▶ **REQUIRED ACTION**
Without including the images, transcribe each record precisely as it appears below.

▶ **DATA FOR THIS EXERCISE**

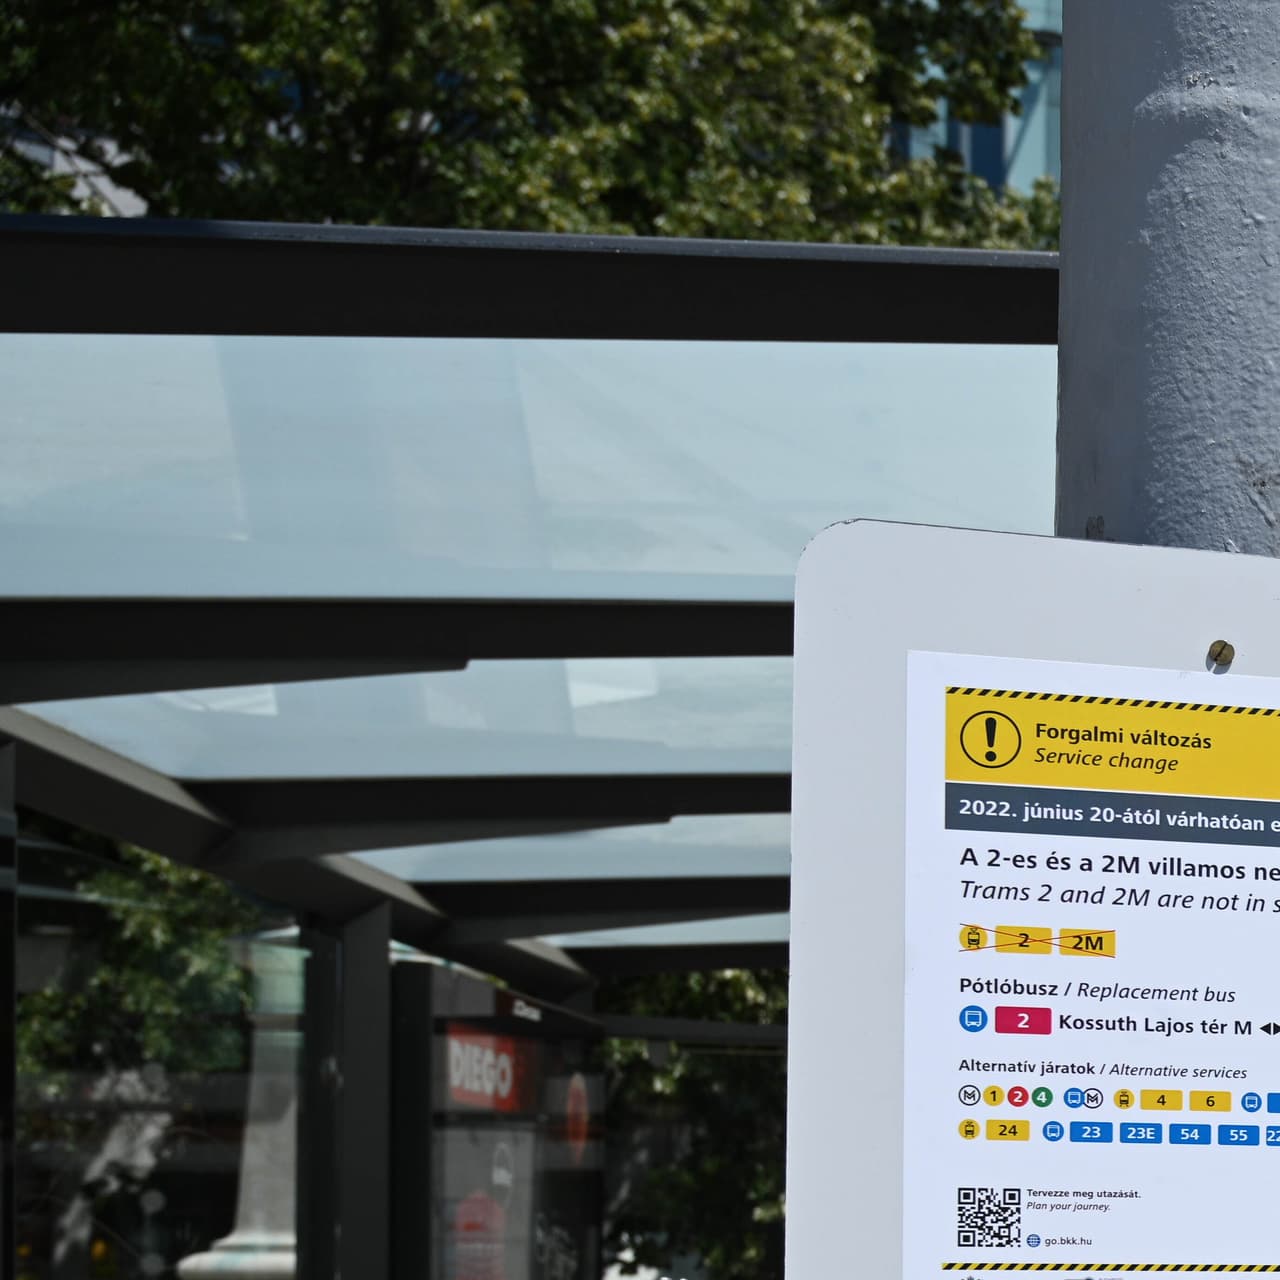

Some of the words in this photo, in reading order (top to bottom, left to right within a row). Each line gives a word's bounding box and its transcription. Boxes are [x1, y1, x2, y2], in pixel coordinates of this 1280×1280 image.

[1036, 723, 1123, 745] Forgalmi
[1130, 729, 1211, 749] változás
[1034, 748, 1103, 766] Service
[1109, 752, 1178, 774] change
[959, 799, 1017, 817] 2022.
[1022, 802, 1083, 822] június
[1090, 807, 1160, 825] 20-ától
[1166, 811, 1264, 831] várhatóan
[960, 848, 979, 866] A
[987, 849, 1037, 869] 2-es
[1046, 851, 1071, 871] és
[1079, 858, 1092, 872] a
[1102, 855, 1139, 874] 2M
[1148, 857, 1245, 879] villamos
[1018, 933, 1030, 947] 2
[1071, 933, 1103, 953] 2M
[960, 978, 1058, 996] Pótlóbusz
[1064, 982, 1072, 996] /
[1077, 982, 1199, 1002] Replacement
[1204, 986, 1236, 1002] bus
[1018, 1013, 1029, 1028] 2
[1059, 1015, 1137, 1031] Kossuth
[1145, 1017, 1194, 1037] Lajos
[1200, 1019, 1228, 1034] tér
[1234, 1020, 1251, 1035] M
[449, 1039, 513, 1098] DIEGO
[959, 1059, 1036, 1073] Alternatív
[1040, 1061, 1095, 1077] járatok
[1100, 1064, 1106, 1075] /
[1109, 1063, 1188, 1077] Alternative
[1192, 1066, 1247, 1079] services
[990, 1090, 996, 1101] 1
[1013, 1091, 1023, 1103] 2
[1036, 1091, 1047, 1103] 4
[1157, 1095, 1166, 1105] 4
[1206, 1096, 1215, 1107] 6
[999, 1124, 1018, 1136] 24
[1082, 1126, 1101, 1138] 23
[1127, 1127, 1155, 1139] 23E
[1181, 1128, 1200, 1140] 54
[1230, 1129, 1248, 1141] 55
[1026, 1189, 1070, 1197] Tervezze
[1072, 1191, 1094, 1200] meg
[1097, 1190, 1141, 1198] utazását.
[1026, 1201, 1047, 1210] Plan
[1049, 1204, 1072, 1212] your
[1073, 1204, 1109, 1213] journey.
[1045, 1237, 1092, 1247] go.bkk.hu
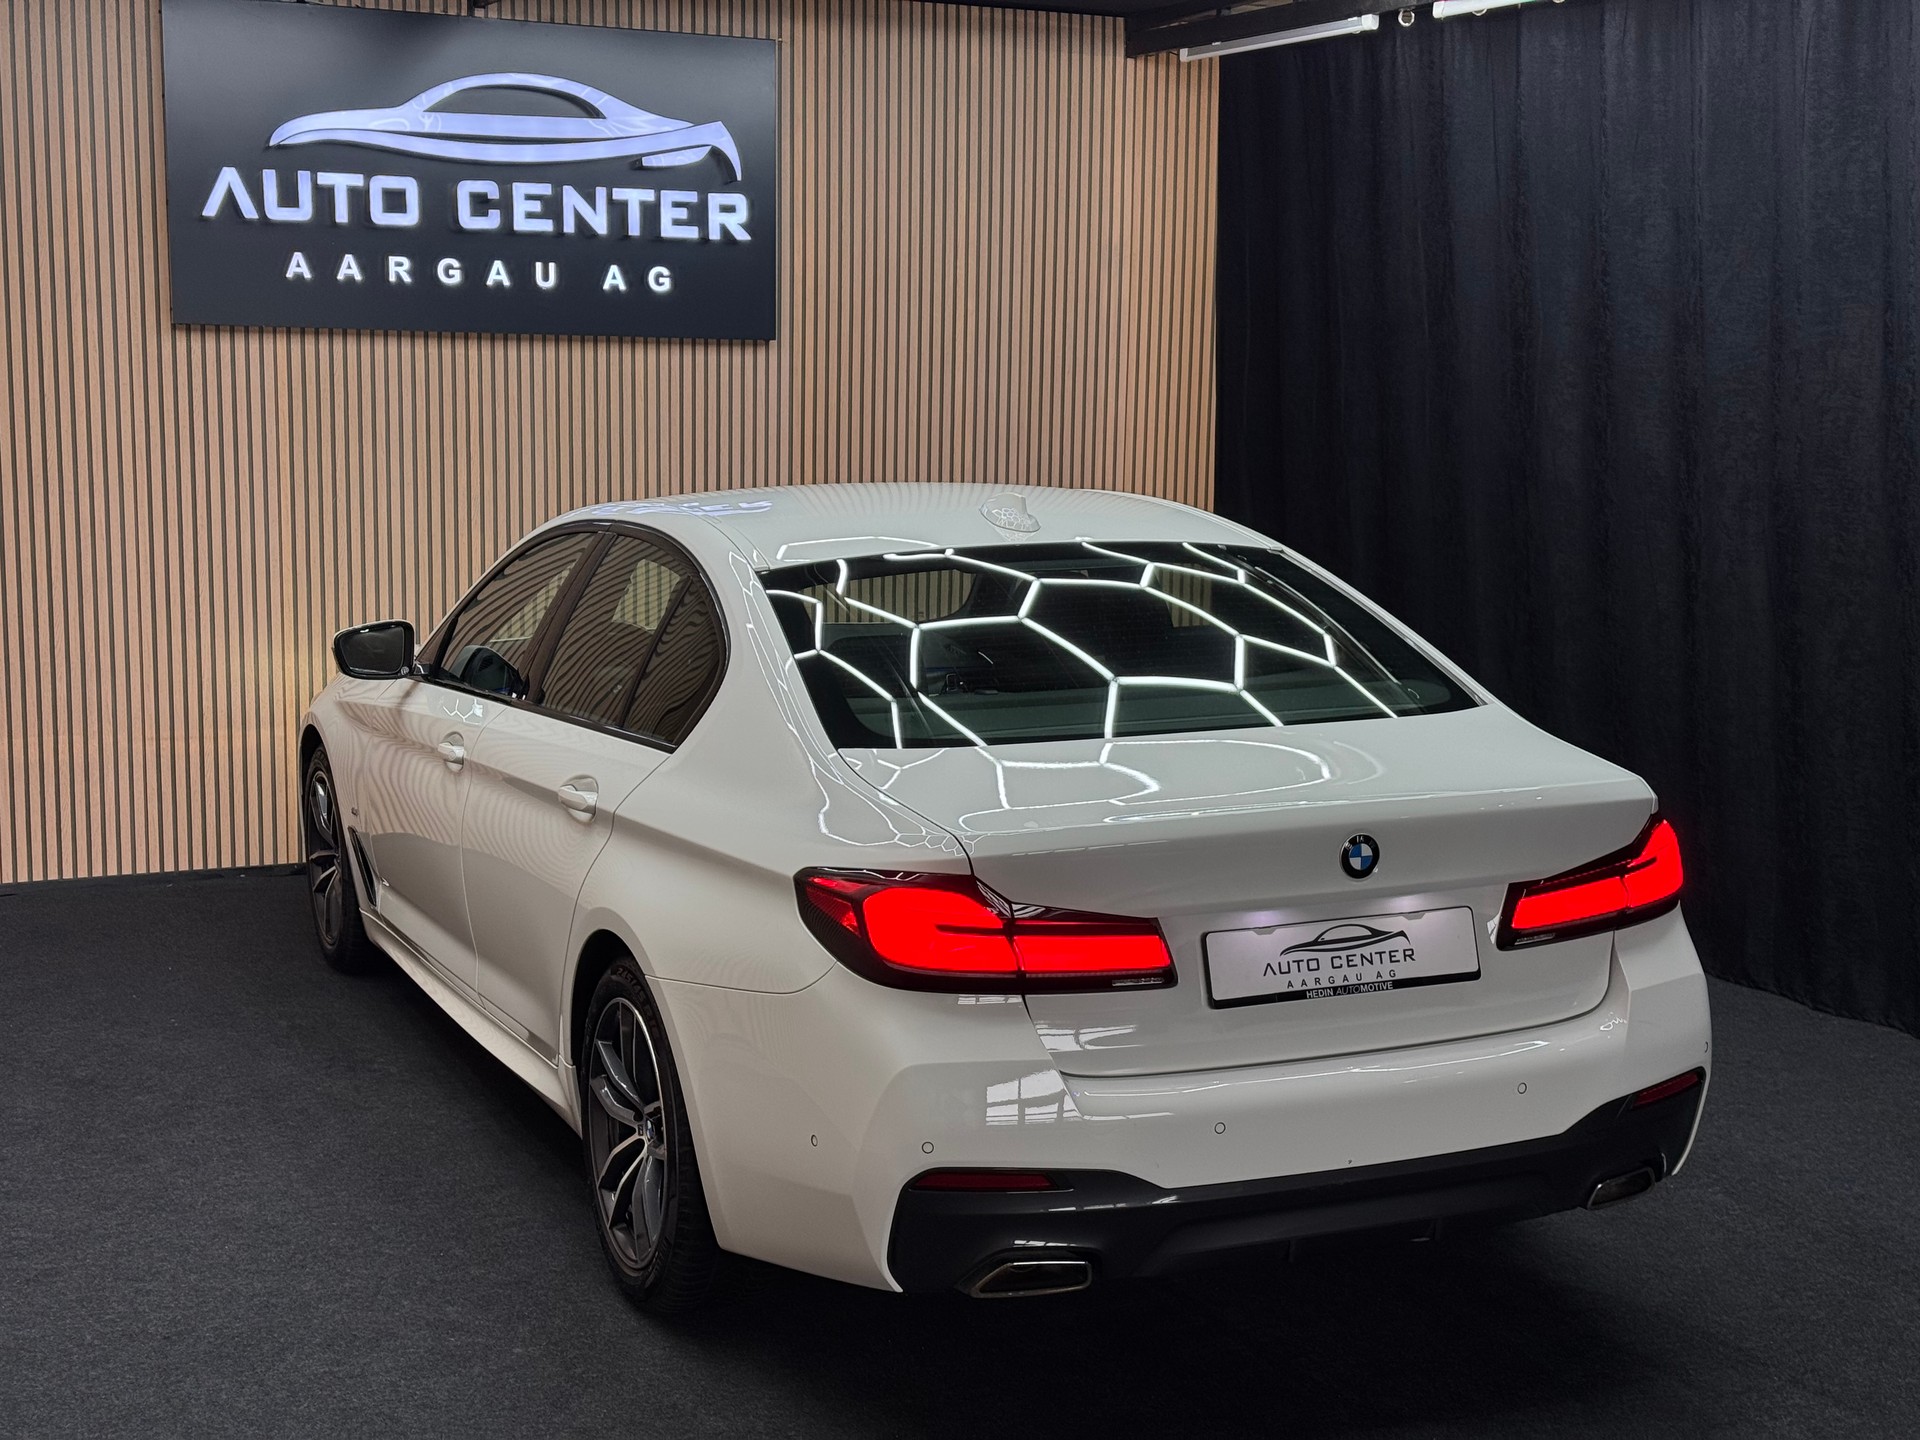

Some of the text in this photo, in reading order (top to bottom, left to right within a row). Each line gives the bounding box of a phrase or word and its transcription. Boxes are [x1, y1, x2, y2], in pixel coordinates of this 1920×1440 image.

[202, 166, 752, 241] AUTO CENTER
[286, 252, 673, 292] AARGAU AG
[1263, 948, 1416, 977] AUTO CENTER
[1287, 969, 1396, 989] AARGAU AG
[1306, 981, 1393, 999] HEDIN AUTOMOTIVE
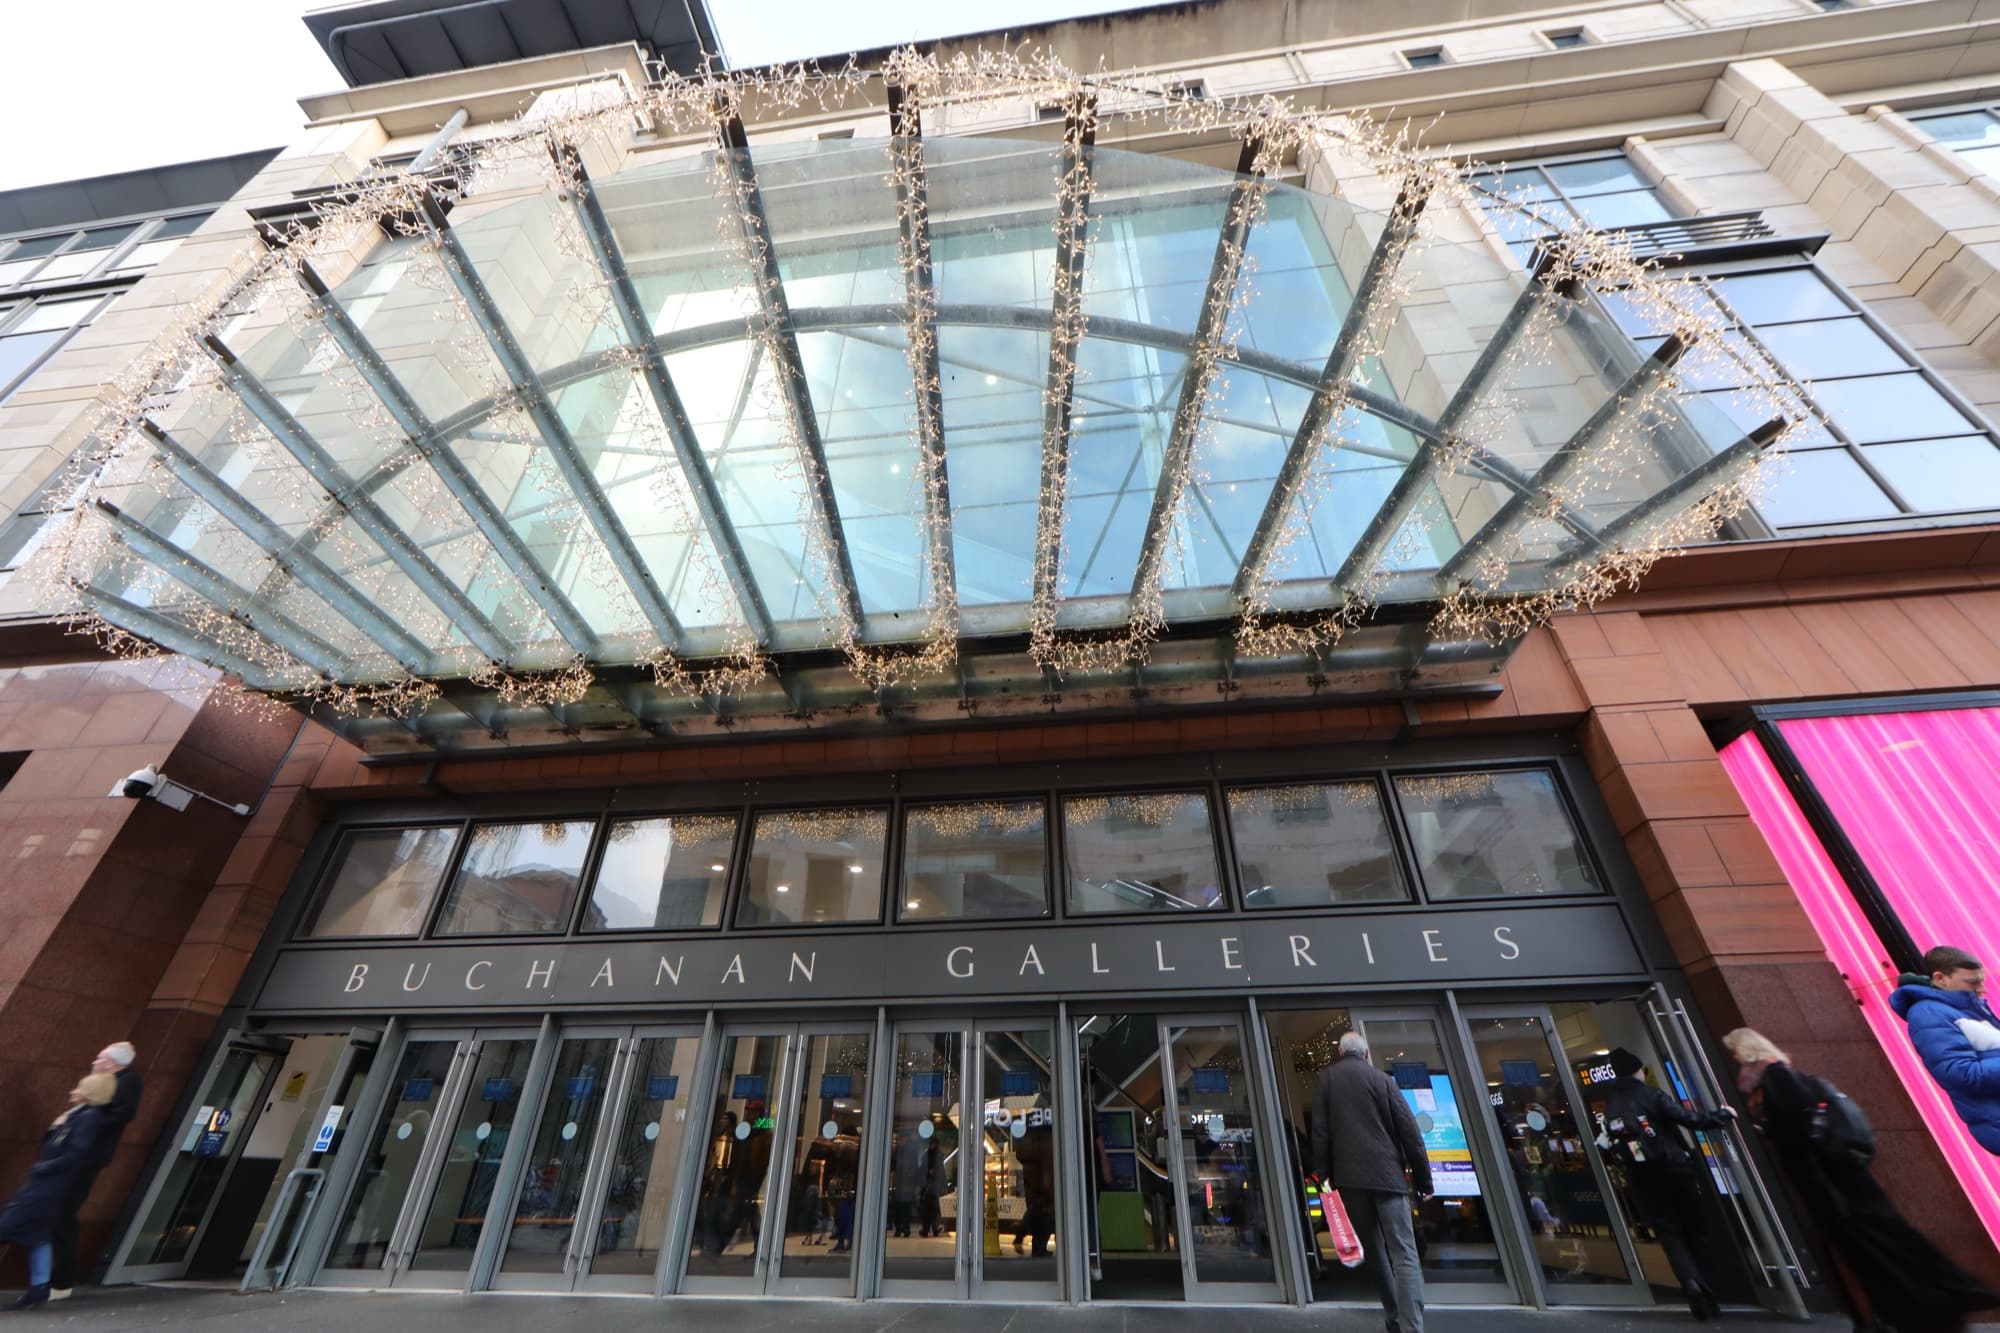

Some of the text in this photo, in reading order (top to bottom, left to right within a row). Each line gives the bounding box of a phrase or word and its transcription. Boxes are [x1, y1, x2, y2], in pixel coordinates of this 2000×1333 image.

[343, 926, 1520, 993] BUCHANAN GALLERIES
[1589, 1063, 1616, 1084] GREG

▶ **RESPONSE**
Some of the words in this photo, in reading order (top to bottom, left to right within a row). Each line gives a word's bounding box and its transcription. Boxes are [x1, y1, x2, y2], in pixel coordinates of this 1280×1280 image.

[1036, 723, 1123, 745] Forgalmi
[1130, 729, 1211, 749] változás
[1034, 748, 1103, 766] Service
[1109, 752, 1178, 774] change
[959, 799, 1017, 817] 2022.
[1022, 802, 1083, 822] június
[1090, 807, 1160, 825] 20-ától
[1166, 811, 1264, 831] várhatóan
[960, 848, 979, 866] A
[987, 849, 1037, 869] 2-es
[1046, 851, 1071, 871] és
[1079, 858, 1092, 872] a
[1102, 855, 1139, 874] 2M
[1148, 857, 1245, 879] villamos
[1018, 933, 1030, 947] 2
[1071, 933, 1103, 953] 2M
[960, 978, 1058, 996] Pótlóbusz
[1064, 982, 1072, 996] /
[1077, 982, 1199, 1002] Replacement
[1204, 986, 1236, 1002] bus
[1018, 1013, 1029, 1028] 2
[1059, 1015, 1137, 1031] Kossuth
[1145, 1017, 1194, 1037] Lajos
[1200, 1019, 1228, 1034] tér
[1234, 1020, 1251, 1035] M
[449, 1039, 513, 1098] DIEGO
[959, 1059, 1036, 1073] Alternatív
[1040, 1061, 1095, 1077] járatok
[1100, 1064, 1106, 1075] /
[1109, 1063, 1188, 1077] Alternative
[1192, 1066, 1247, 1079] services
[990, 1090, 996, 1101] 1
[1013, 1091, 1023, 1103] 2
[1036, 1091, 1047, 1103] 4
[1157, 1095, 1166, 1105] 4
[1206, 1096, 1215, 1107] 6
[999, 1124, 1018, 1136] 24
[1082, 1126, 1101, 1138] 23
[1127, 1127, 1155, 1139] 23E
[1181, 1128, 1200, 1140] 54
[1230, 1129, 1248, 1141] 55
[1026, 1189, 1070, 1197] Tervezze
[1072, 1191, 1094, 1200] meg
[1097, 1190, 1141, 1198] utazását.
[1026, 1201, 1047, 1210] Plan
[1049, 1204, 1072, 1212] your
[1073, 1204, 1109, 1213] journey.
[1045, 1237, 1092, 1247] go.bkk.hu

Some of the text in this photo, in reading order (top to bottom, left to right within a row). Each line gives the bounding box of a phrase or word and its transcription. Boxes are [x1, y1, x2, y2], in pixel coordinates of this 1920×1440 image.

[202, 166, 752, 241] AUTO CENTER
[286, 252, 673, 292] AARGAU AG
[1263, 948, 1416, 977] AUTO CENTER
[1287, 969, 1396, 989] AARGAU AG
[1306, 981, 1393, 999] HEDIN AUTOMOTIVE

Some of the text in this photo, in reading order (top to bottom, left to right within a row). Each line gives the bounding box of a phrase or word and its transcription. Boxes are [x1, y1, x2, y2], in pixel coordinates of this 2000×1333 image.

[343, 926, 1520, 993] BUCHANAN GALLERIES
[1589, 1063, 1616, 1084] GREG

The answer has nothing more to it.